Singkat kata, Syofwatillah dan Marzuki bertemu, dan dia menyatakan kesediaannya untuk mendukung ide Syofwatillah. Lalu Marzuki meminta Bakti Setiawan, Direktur Utama Semen Baturaja, untuk turut serta membantu dalam proyek ini. Bakti kemudian bersedia untuk menjadi Ketua Umum tim pencarian dana proyek pembuatan Al-Quran Al-Akbar, dan yang bertindak sebagai ketua hariannya adalah Marzuki Alie.
Masih di tahun 2002, Marzuki didaulat menjadi Ketua Peringatan Tahun Baru Islam di Masjid Agung Palembang. Dalam pidatonya di Masjid Agung Palembang, Marzuki menyampaikan kendala dana pembuatan Al-Quran kayu ukir khas Palembang terbesar di dunia.
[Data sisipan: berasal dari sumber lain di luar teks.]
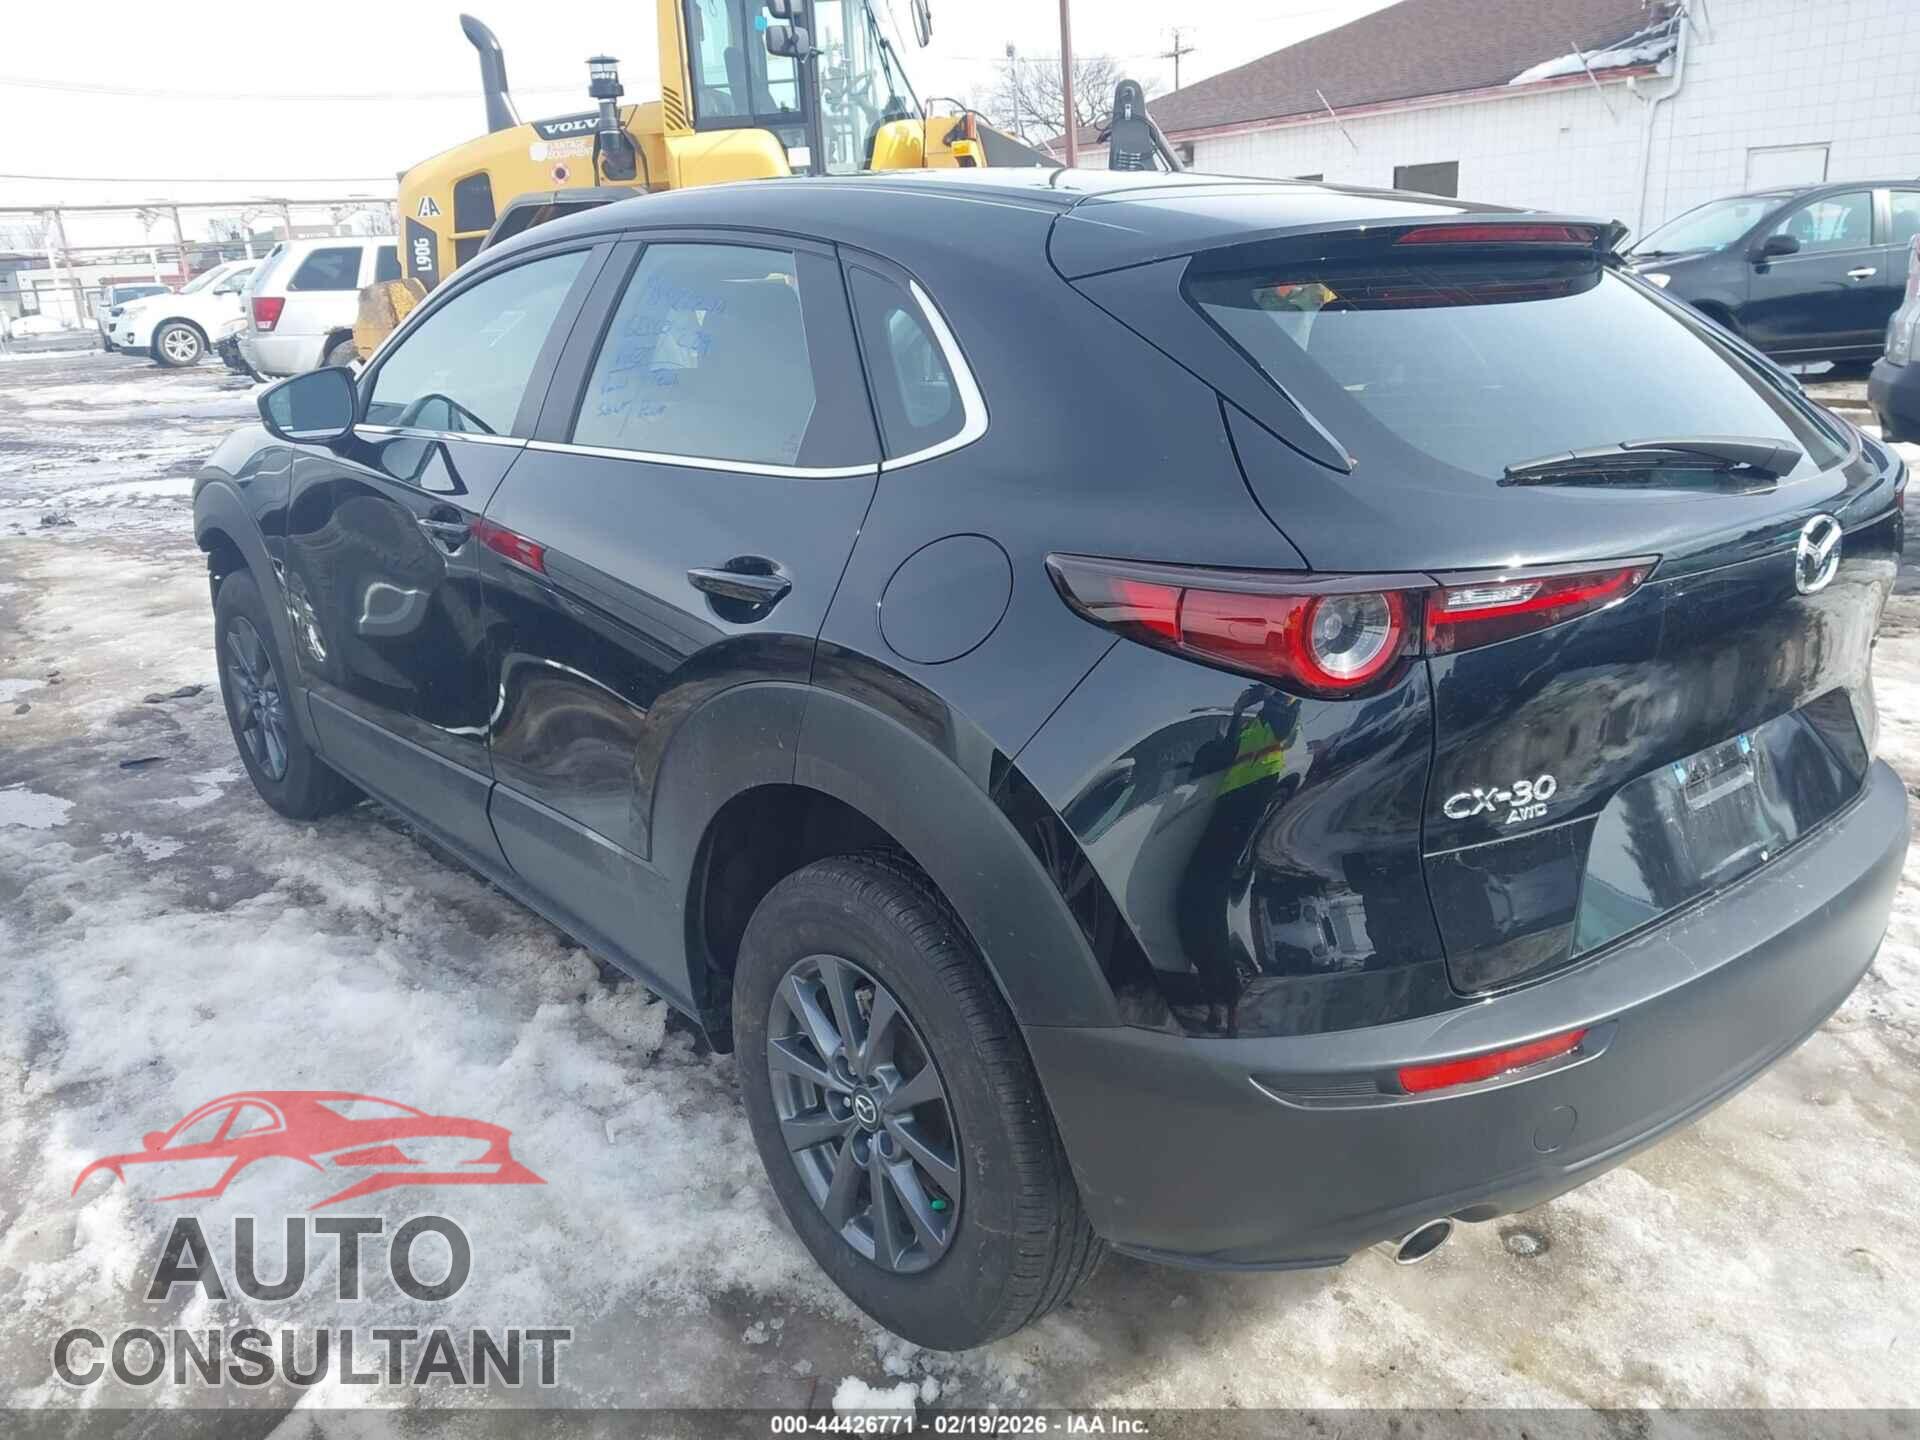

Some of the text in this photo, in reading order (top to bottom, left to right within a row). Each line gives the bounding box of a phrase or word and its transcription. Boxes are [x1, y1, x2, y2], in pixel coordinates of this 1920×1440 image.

[544, 118, 600, 134] VOLV
[1443, 774, 1558, 819] CX-30
[1504, 802, 1548, 825] AWD
Mendengar keluhan Marzuki, Taufik Kiemas (Alm) yang pada waktu itu merupakan Bapak Negara Republik Indonesia, juga hadir di sana, dan secara spontan langsung memberikan bantuan. “Beliau langsung menyumbang untuk lima juz dan atas nama lima orang,” cerita Marzuki.[1] Secara nominal, total uang yang disumbangkan oleh Taufik pada waktu itu adalah sebesar 200 juta Rupiah.
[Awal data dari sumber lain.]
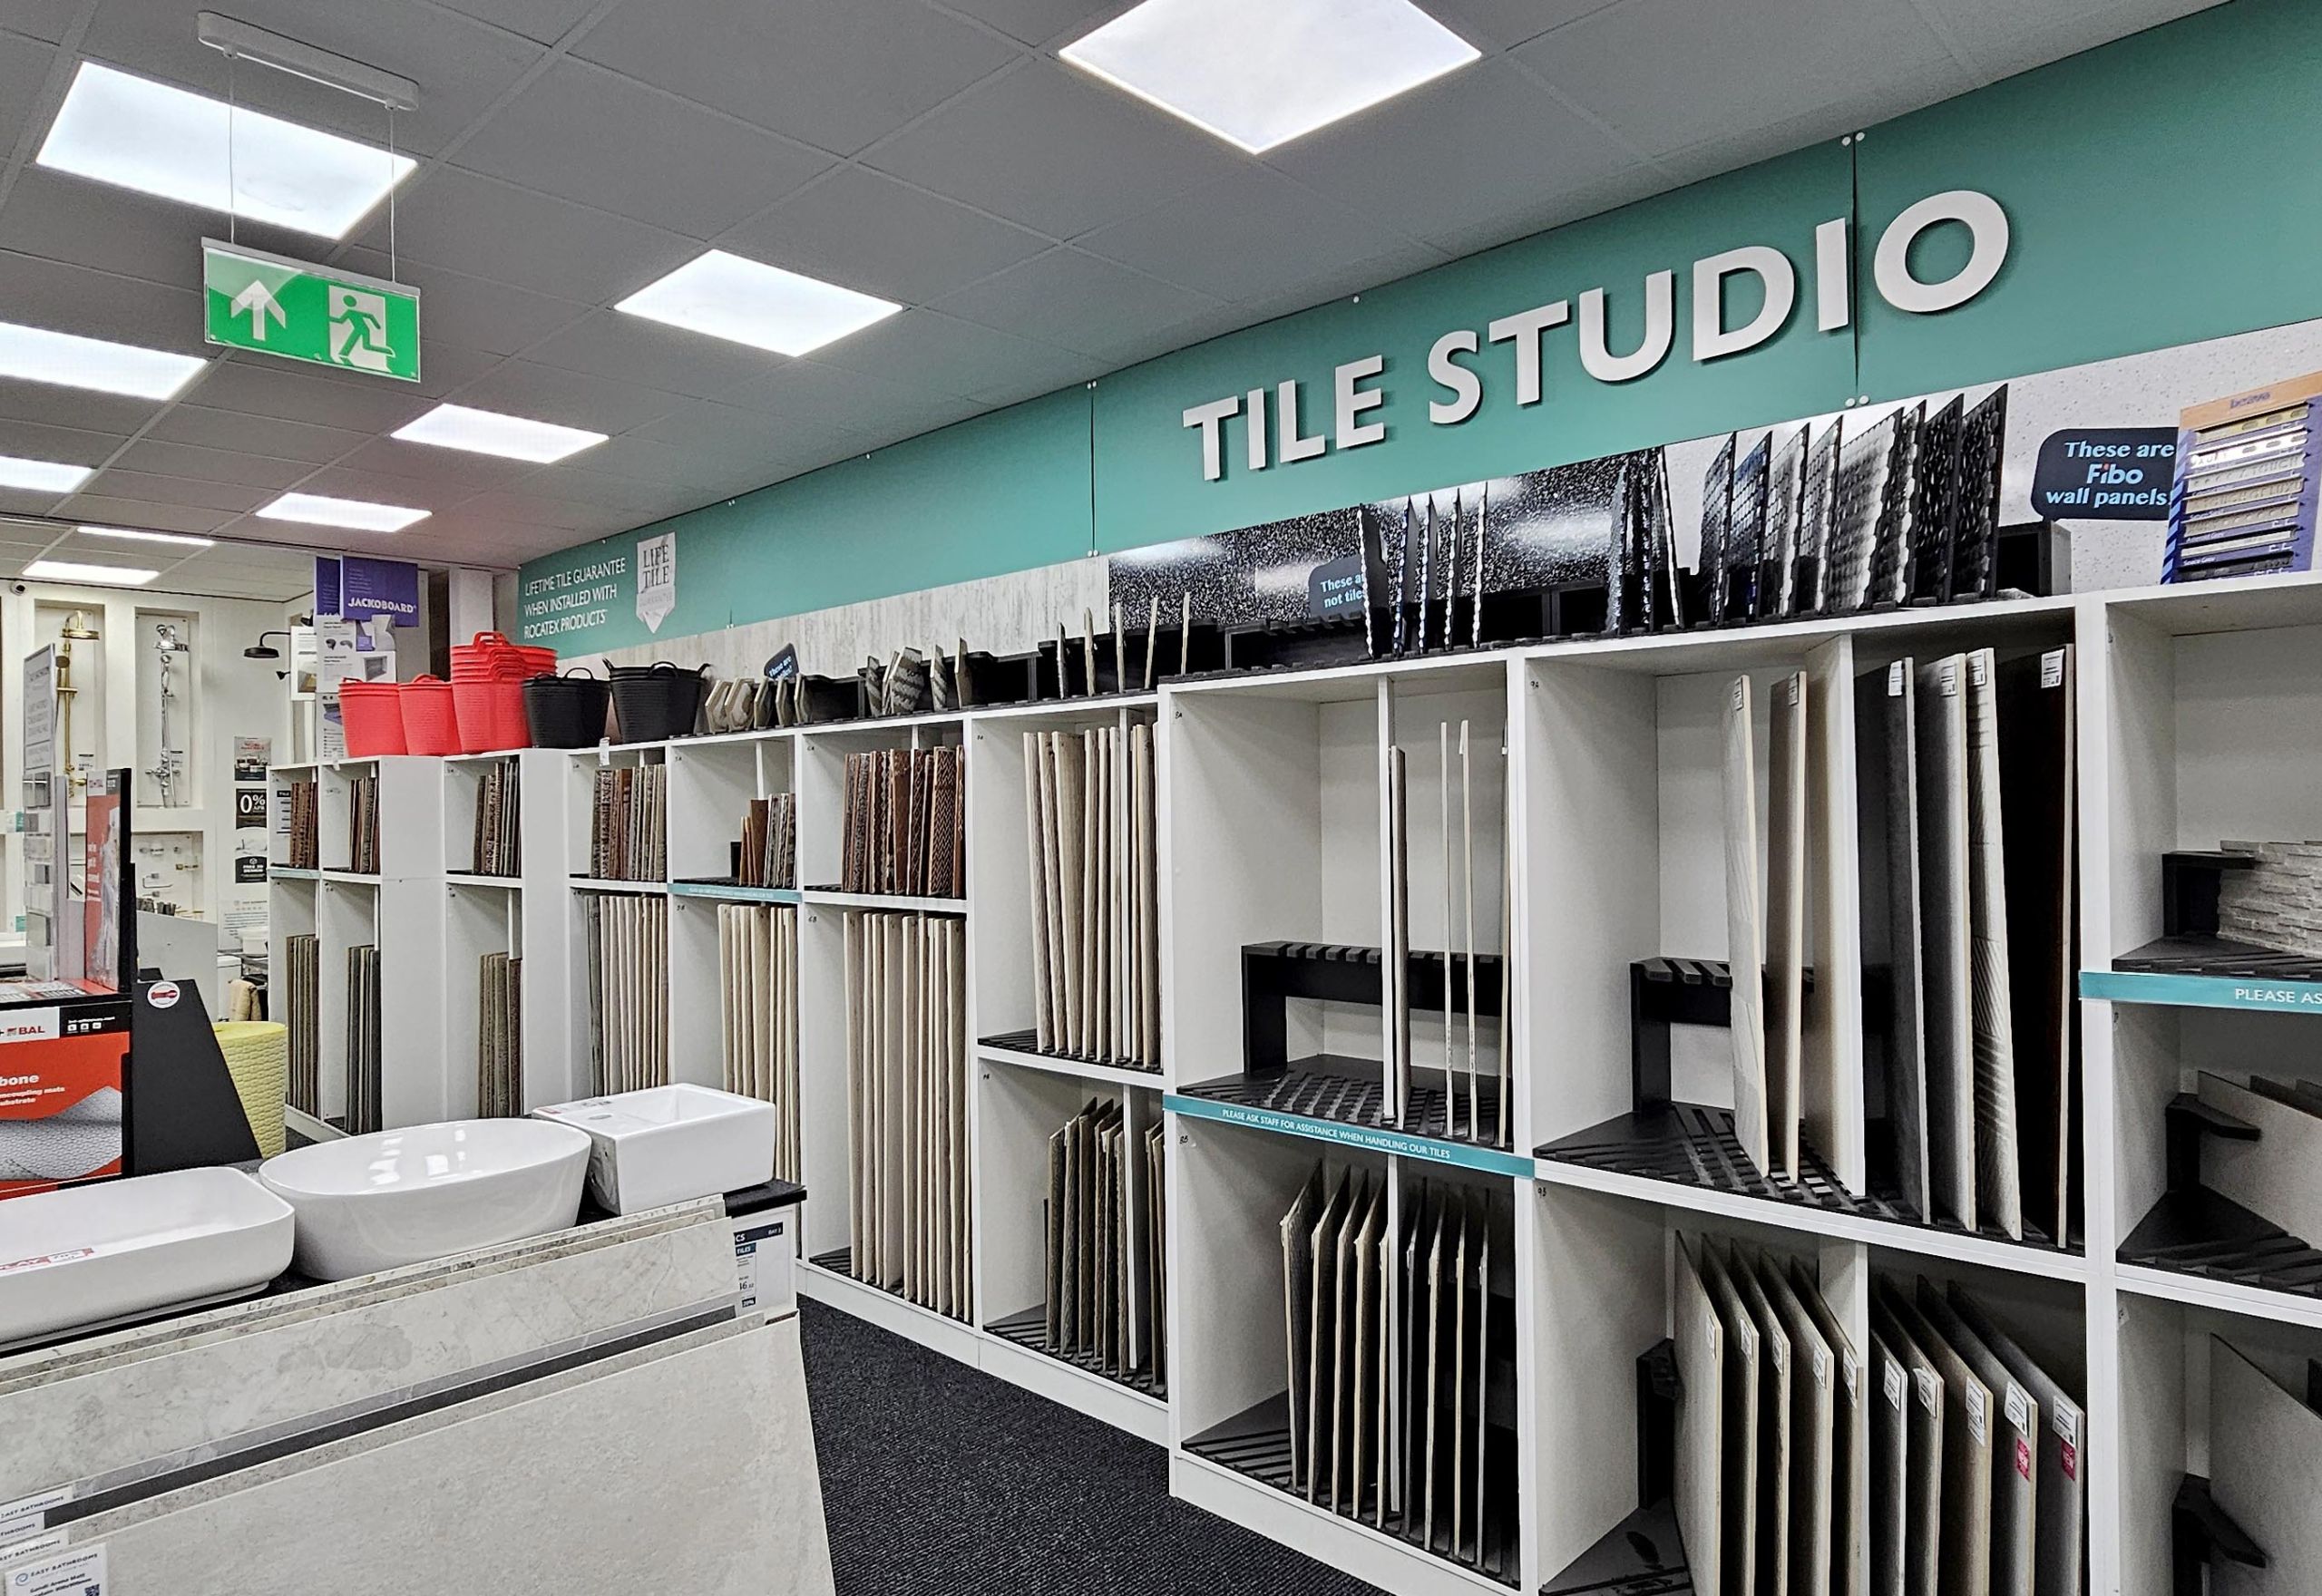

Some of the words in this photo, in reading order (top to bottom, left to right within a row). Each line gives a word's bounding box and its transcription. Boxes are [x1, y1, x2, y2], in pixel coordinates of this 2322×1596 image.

[1182, 354, 1387, 481] TILE
[1429, 189, 2011, 425] STUDIO
[2064, 440, 2131, 458] These
[2136, 443, 2175, 458] are
[2086, 462, 2143, 484] Fibo
[2045, 488, 2088, 504] wall
[643, 544, 669, 569] LIFE
[524, 575, 555, 597] LIFETIME
[555, 570, 572, 588] TILE
[572, 557, 627, 585] GUARANTEE
[643, 565, 669, 589] TILE
[1321, 576, 1353, 592] These
[347, 597, 415, 614] JACKOBOARD
[523, 598, 551, 618] WHEN
[550, 589, 590, 613] INSTALLED
[591, 583, 618, 603] WITH
[1324, 593, 1343, 608] not
[523, 618, 560, 639] ROCATEX
[560, 608, 607, 633] PRODUCTS
[239, 793, 266, 813] 0%
[2234, 988, 2296, 1003] PLEASE
[2300, 992, 2322, 1005] AS
[18, 1026, 45, 1035] BAL
[1222, 1109, 1245, 1121] PLEASE
[1245, 1114, 1260, 1124] ASK
[1260, 1116, 1279, 1127] STAFF
[1280, 1120, 1295, 1130] FOR
[1295, 1122, 1338, 1138] ASSISTANCE
[1339, 1130, 1363, 1143] WHEN
[1364, 1135, 1407, 1151] HANDLING
[1409, 1143, 1429, 1154] OUR
[1429, 1146, 1451, 1159] TILES
[20, 1495, 63, 1513] BATHROOMS
[15, 1539, 61, 1557] BATHROOMS
[30, 1567, 50, 1577] EASY
[52, 1552, 98, 1572] BATHROOMS
Proyek pembuatan Al-Quran dijalankan sambil panitia terus mencari kekurangan dananya. Pada tahun 2003 akhir, Al-Quran sudah selesai dibuat sampai 20 juz, namun lagi-lagi dana menjadi kendalanya. “Saya ngutang sana ngutang sini, gali lobang tutup lobang, saya pernah jual mas kawin istri saya…. Ketika itu macet, saya sudah pontang-panting, hutang sudah banyak,” kata Syofwatillah menceritakan masa-masa sulit pembuatan Al-Quran tersebut.
Tidak disangka, Susilo Bambang Yudhoyono (SBY) yang pada waktu itu menjabat sebagai Menteri Koordinator Bidang Politik, Sosial, dan Keamanan (Menko Polhukam) datang ke Palembang. Panitia mengajak SBY untuk melihat sebagian ukiran Al-Quran yang sudah jadi. Setelah itu SBY menyumbang sejumlah dana, dan turut serta mengajak masyarakat lainnya untuk mendukung penyelesaian proyek Al-Quran Al-Akbar. Berkat bantuan SBY, proyek dapat berjalan kembali sampai dengan tahun 2004. Sayangnya di tahun itu proyek terhenti lagi karena dananya masih juga kurang.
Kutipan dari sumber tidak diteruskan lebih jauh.